Restate the whole listing below word for word and keep the images out.

## Supplied material
☆ ☆ ☆ ☆ ☆

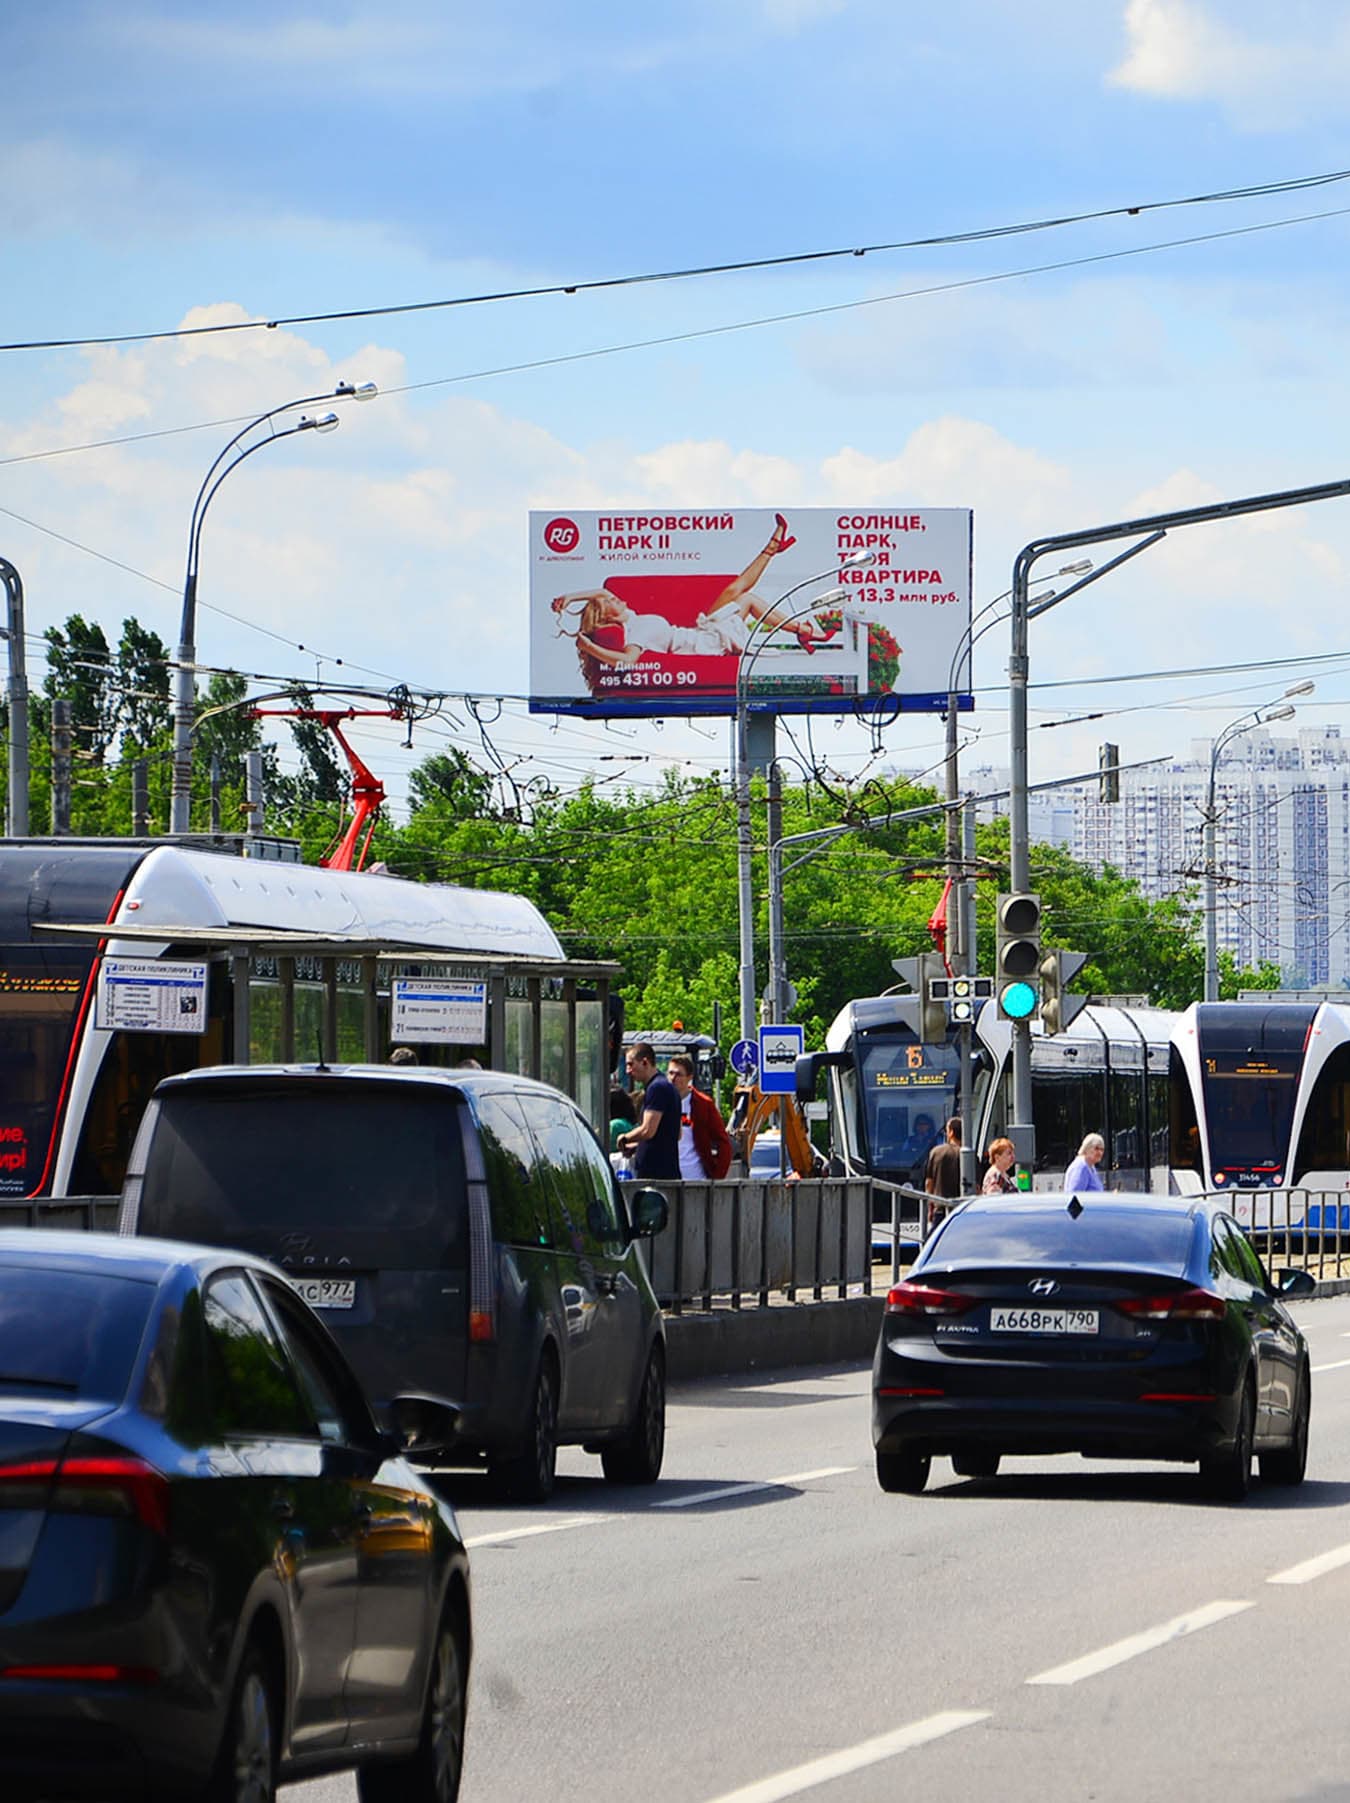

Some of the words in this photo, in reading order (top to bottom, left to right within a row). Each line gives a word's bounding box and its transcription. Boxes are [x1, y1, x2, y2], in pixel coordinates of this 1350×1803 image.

[599, 513, 734, 531] ПЕТРОВСКИЙ
[837, 515, 926, 532] СОЛНЦЕ,
[599, 535, 653, 550] ПАРК
[659, 534, 670, 549] II
[837, 534, 897, 550] ПАРК,
[600, 552, 639, 561] ЖИЛОЙ
[642, 552, 701, 561] КОМПЛЕКС
[837, 552, 890, 566] ТЯ
[838, 570, 942, 584] КВАРТИРА
[857, 588, 895, 603] 13,3
[900, 594, 927, 602] млн
[931, 592, 960, 604] руб.
[600, 663, 612, 671] м.
[615, 661, 661, 671] Динамо
[600, 676, 621, 686] 495
[623, 673, 649, 685] 431
[652, 672, 673, 685] 00
[676, 671, 697, 684] 90
[321, 1281, 350, 1296] 977
[996, 1311, 1064, 1330] А668РК
[1068, 1311, 1095, 1326] 790
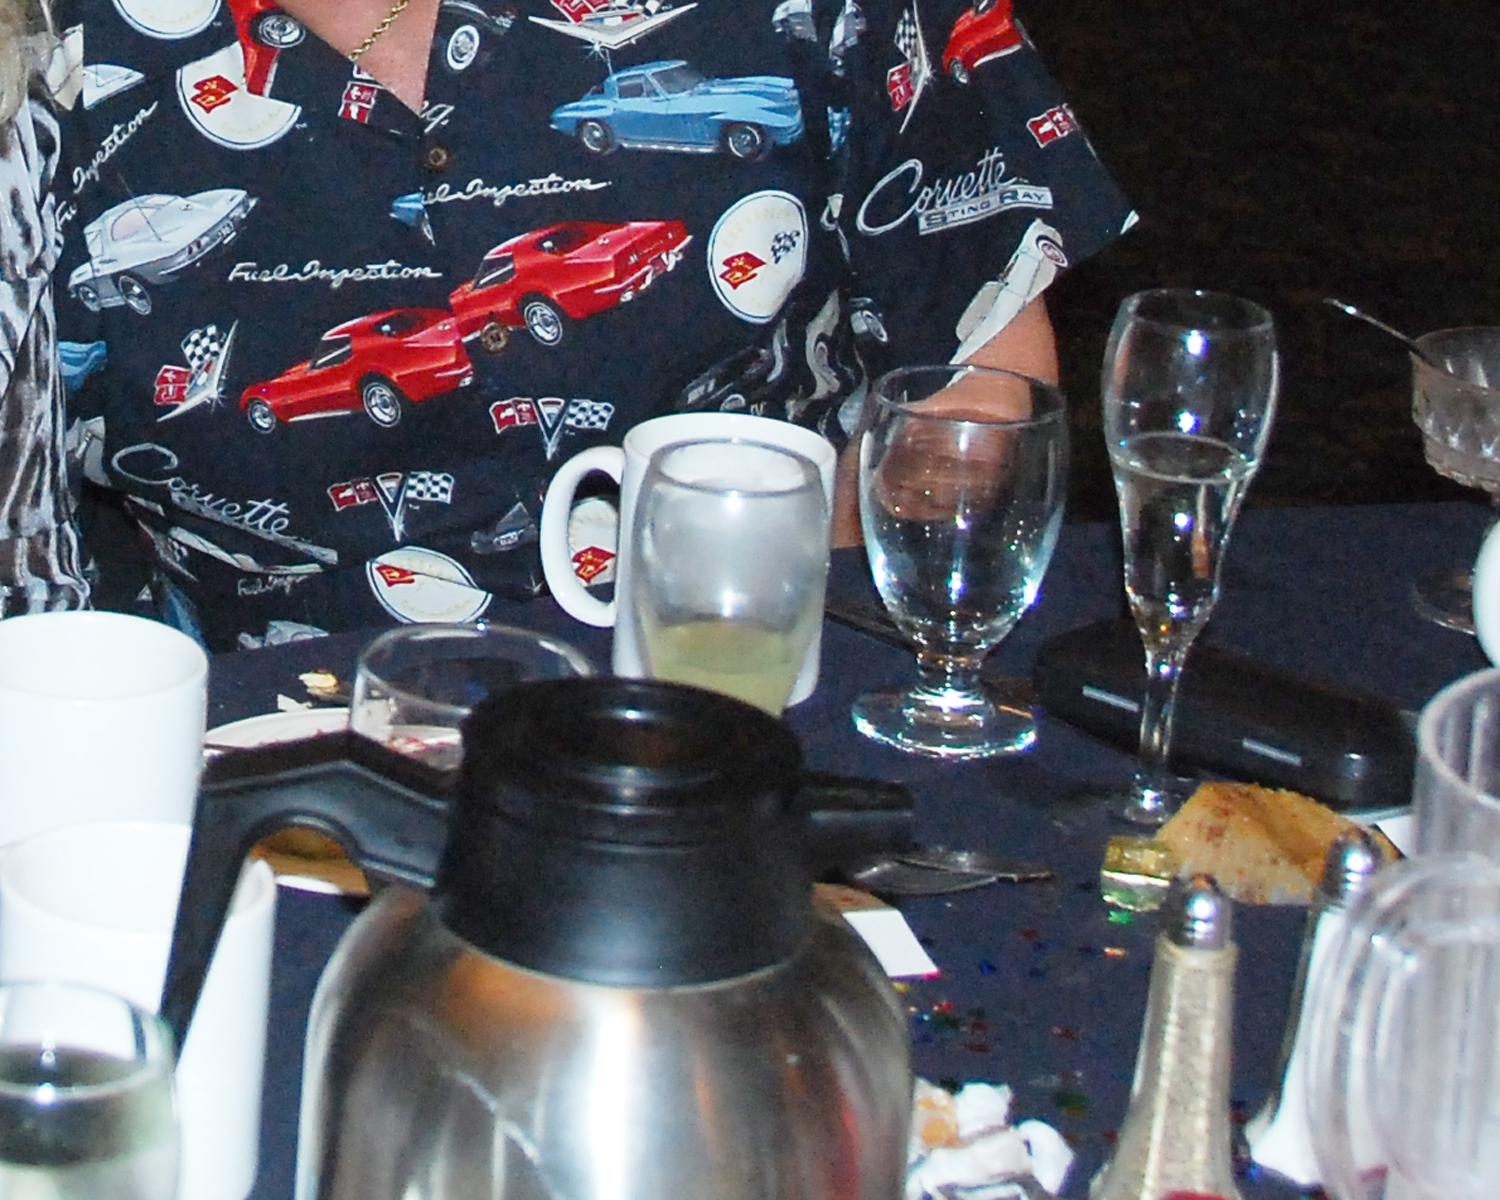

☆ ☆ ☆ ☆ ☆

## Exercise result
Some of the words in this photo, in reading order (top to bottom, left to right within a row). Each line gives a word's bounding box and its transcription. Boxes are [x1, y1, x2, y2], in pixel coordinates of this 1350×1803 image.

[599, 513, 734, 531] ПЕТРОВСКИЙ
[837, 515, 926, 532] СОЛНЦЕ,
[599, 535, 653, 550] ПАРК
[659, 534, 670, 549] II
[837, 534, 897, 550] ПАРК,
[600, 552, 639, 561] ЖИЛОЙ
[642, 552, 701, 561] КОМПЛЕКС
[837, 552, 890, 566] ТЯ
[838, 570, 942, 584] КВАРТИРА
[857, 588, 895, 603] 13,3
[900, 594, 927, 602] млн
[931, 592, 960, 604] руб.
[600, 663, 612, 671] м.
[615, 661, 661, 671] Динамо
[600, 676, 621, 686] 495
[623, 673, 649, 685] 431
[652, 672, 673, 685] 00
[676, 671, 697, 684] 90
[321, 1281, 350, 1296] 977
[996, 1311, 1064, 1330] А668РК
[1068, 1311, 1095, 1326] 790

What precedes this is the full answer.